Overreach is probably being too diplomatic. Bungling strategic
incoherence might be more accurate. But this at least suggests a sort of boy
scouts’ innocence, such as preserving the peace in conflict-torn central
Africa, as the purpose behind South Africa’s latest foreign misadventure. But
even this premise is at odds with "capacity building", which
apparently was the purpose of our deployment in this benighted part of the
world.
But our political masters and mistresses might wish to take a leaf from
the Nixon-Kissinger partnership. Over time, most Americans could not understand
why their conscripts were being sent to die on the foreign and inhospitable
fields of Vietnam, all in the name of preventing the "falling domino"
of South Vietnam from falling into communist hands, which it ultimately did.
However, the US’s involvement in Vietnam began as "logistical and
training support" for the South Vietnamese under president John F Kennedy.
Then, fatally (especially for the presidency of Lyndon Johnson, which was
immolated by the conflict), the involvement suffered from what military types
call "mission creep". The trainers needed protection and cover, the
local militia was found to be wanting, an excuse for ratcheting up the US involvement
was found and fabricated (the so-called Gulf of Tonkin incident) and US
involvement mushroomed into full-scale war. This is something to ponder before
we decide to increase the size of our force in and around the Central African
Republic (CAR).
Of course, the CAR is very different from Vietnam, except that South
Africa has even less strategic interests there than the US had in Southeast
Asia in the 1960s. That is true unless there is some substance behind media
reports that our apparently ill-equipped troops were being deployed, in part,
to protect shadowy South African business interests in the CAR. But the idea of
SANDF soldiers being used, and in the final instance dying, as mercenaries is
so disreputable and would, if proven, snap even the endless elastic band of
credibility that South Africans generally afford their rulers.
If it is disreputable or simply wrong to suggest our troops died in
defence of unnamed local business interests in the CAR, what were we fighting
for, or was the bloody finale in Bangui simply a disastrous case of
"mission creep"?
On any explanation, and especially Zuma’s, we were fighting to maintain
the rule of a petty autocrat, Francois Bozize, a president who installed
himself in power via a military coup. Zuma, who has a distinguished pedigree in
the fight for freedom in South Africa, used the rather curious term
"bandits" to describe the Seleka rebels who ousted the unpopular
president. It was all a little too reminiscent of the description of African
National Congress guerillas by the National Party government as
"terrorists".
Before the cloud of despondency caused by our CAR imbroglio descends too
heavily upon us, consider this. Until last week, very few outside the
Department of International Relations and Co-operation had ever heard of
Bozize. He was an obscure, indifferent dictator, who legitimised his seizure of
power with an election of apparent dubious validity in 2005. But, happily, he
is also one of a dying breed of African "big men" who bestrode (and in
some corners of it, still do) the continent, treating the government purse as
their private piggy banks and looting and plundering their national resources.
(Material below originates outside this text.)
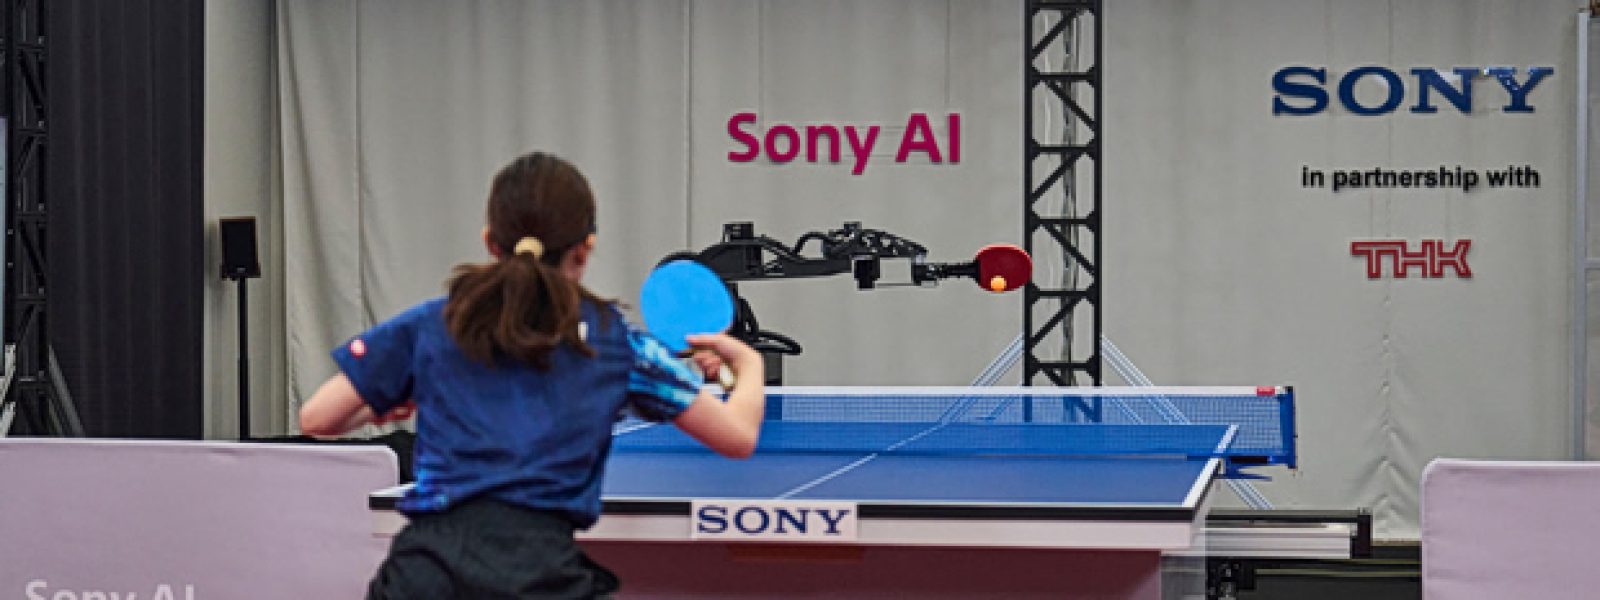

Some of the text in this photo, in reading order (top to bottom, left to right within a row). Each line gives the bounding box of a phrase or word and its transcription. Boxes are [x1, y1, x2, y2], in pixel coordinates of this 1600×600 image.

To show how far, in fact, Africa has now journeyed along the democratic
pathway, think back to a CAR dictator you will certainly recall: Jean-Bedel
Bokassa, who held sway in the CAR between 1966 and 1979. Described with some
understatement as an "egotistical madman", he was proven at his
subsequent trial to have personally presided over judicial beatings, torture
and the extrajudicial killings of his victims and was convicted of massacring
100 of his own country’s schoolchildren. His crowning infamy, forgive the pun,
was to declare himself "Emperor of Central Africa" in a ceremony that
nearly bankrupted his country. He, too, was overthrown in a coup.
But his subsequent criminal convictions were expunged and overturned by
one of his successors, who went on to declare Bokassa "a son of the nation
recognised by all as a great builder". The president who rehabilitated
him, in 2010, was Bozize, our ally in the present conflict.